An example to contrast polyhedral frameworks with prior work

To compare the constraint-based polyhedral model to prior approaches such as individual loop transformations and the unimodular approach, consider the question of whether we can parallelize (execute simultaneously) the iterations of following contrived but simple loop:

for i := 0 to N do       A(i) := (A(i) + A(N-i))/2

Approaches that cannot represent symbolic terms (such as the loop-invariant quantity N in the loop bound and subscript) cannot reason about dependencies in this loop. They will either conservatively refuse to run it in parallel, or in some cases speculatively run it completely in parallel, determine that this was invalid, and re-execute it sequentially.

Approaches that handle symbolic terms but represent dependencies via direction vectors or distance vectors will determine that the i loop carries a dependence (of unknown distance), since for example when N=10 iteration 0 of the loop writes an array element (A(0)) that will be read in iteration 10 (as A(10-10)) and reads an array element (A(10-0)) that will later be overwritten in iteration 10 (as A(10)). If all we know is that the i loop carries a dependence, we once again cannot safely run it in parallel.

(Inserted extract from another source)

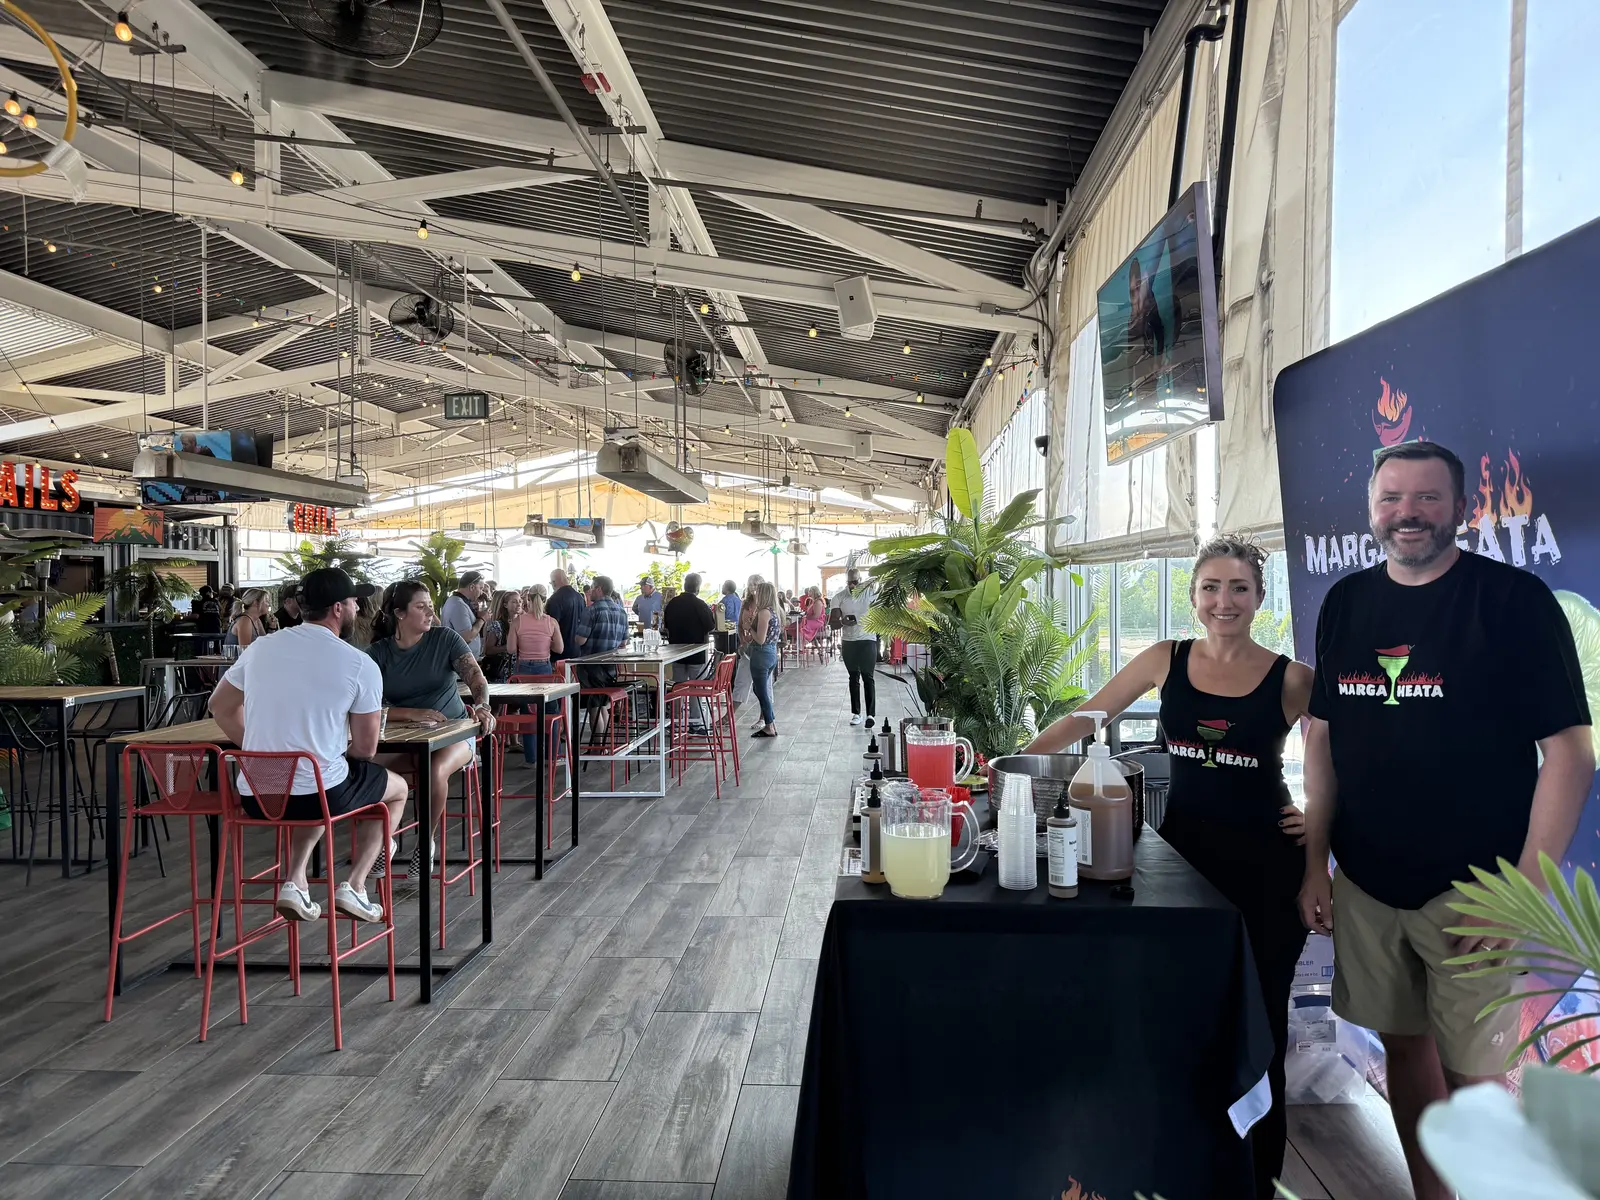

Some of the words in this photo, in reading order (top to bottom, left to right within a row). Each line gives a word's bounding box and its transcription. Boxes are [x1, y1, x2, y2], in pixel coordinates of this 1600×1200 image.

[452, 396, 480, 416] EXIT
[1338, 683, 1388, 697] MARGA
[1396, 684, 1444, 698] HEATA
[1215, 751, 1259, 768] HEATA

In reality, there are only dependencies from the first N/2 iterations into the last N/2, so we can execute this loop as a sequence of two fully parallel loops (from 0...N/2 and from N/2+1...N). The characterization of this dependence, the analysis of parallelism, and the transformation of the code can be done in terms of the instance-wise information provided by any polyhedral framework.

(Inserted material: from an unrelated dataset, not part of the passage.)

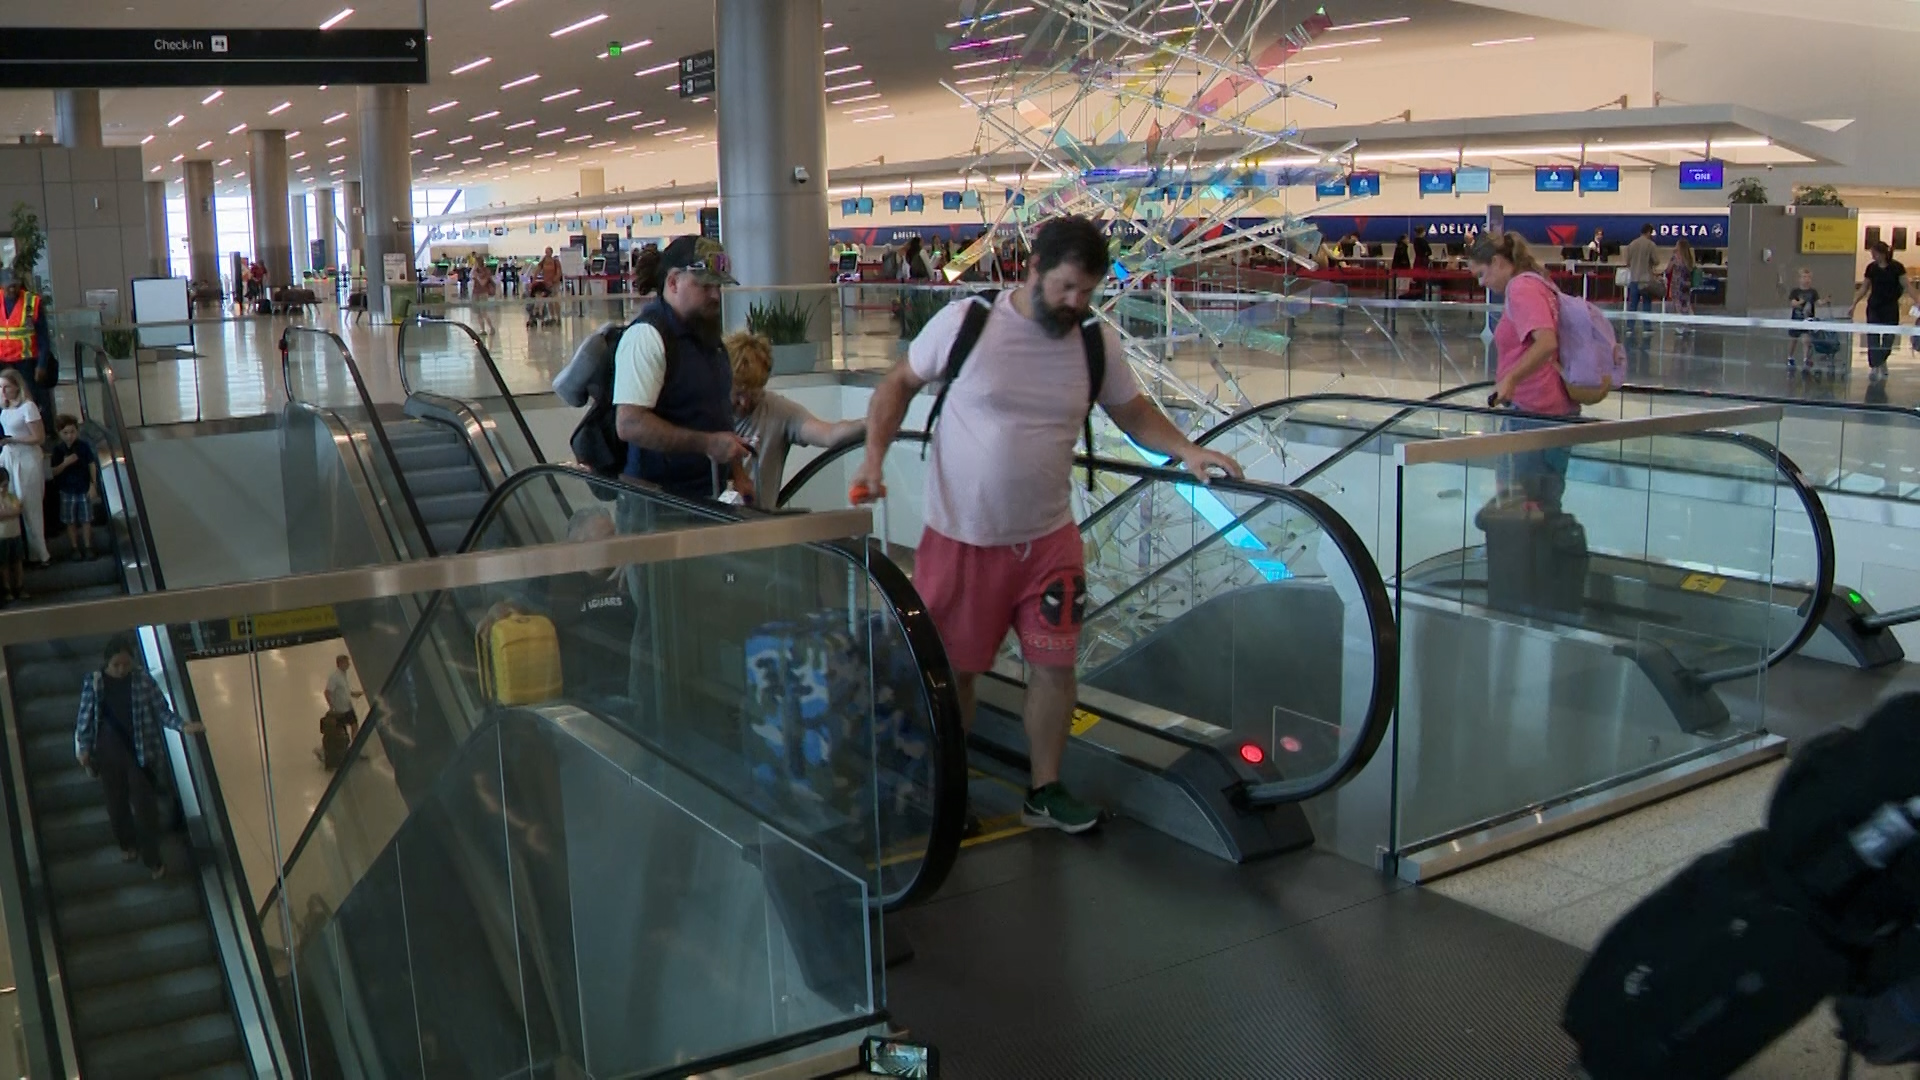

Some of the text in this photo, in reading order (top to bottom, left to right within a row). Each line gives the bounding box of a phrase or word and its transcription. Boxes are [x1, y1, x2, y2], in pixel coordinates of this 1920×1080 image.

Instance-wise analysis and transformation allows the polyhedral model to unify additional transformations (such as index set splitting, loop peeling, tiling, loop fusion or fission, and transformation of imperfectly nested loops) with those already unified by the unimodular framework (such as loop interchange, skewing, and reversal of perfectly nested loops). It has also stimulated the development of new transformations, such as Pugh and Rosser's iteration-space slicing (an instance-wise version of program slicing; note that the code was never released with the Omega Library).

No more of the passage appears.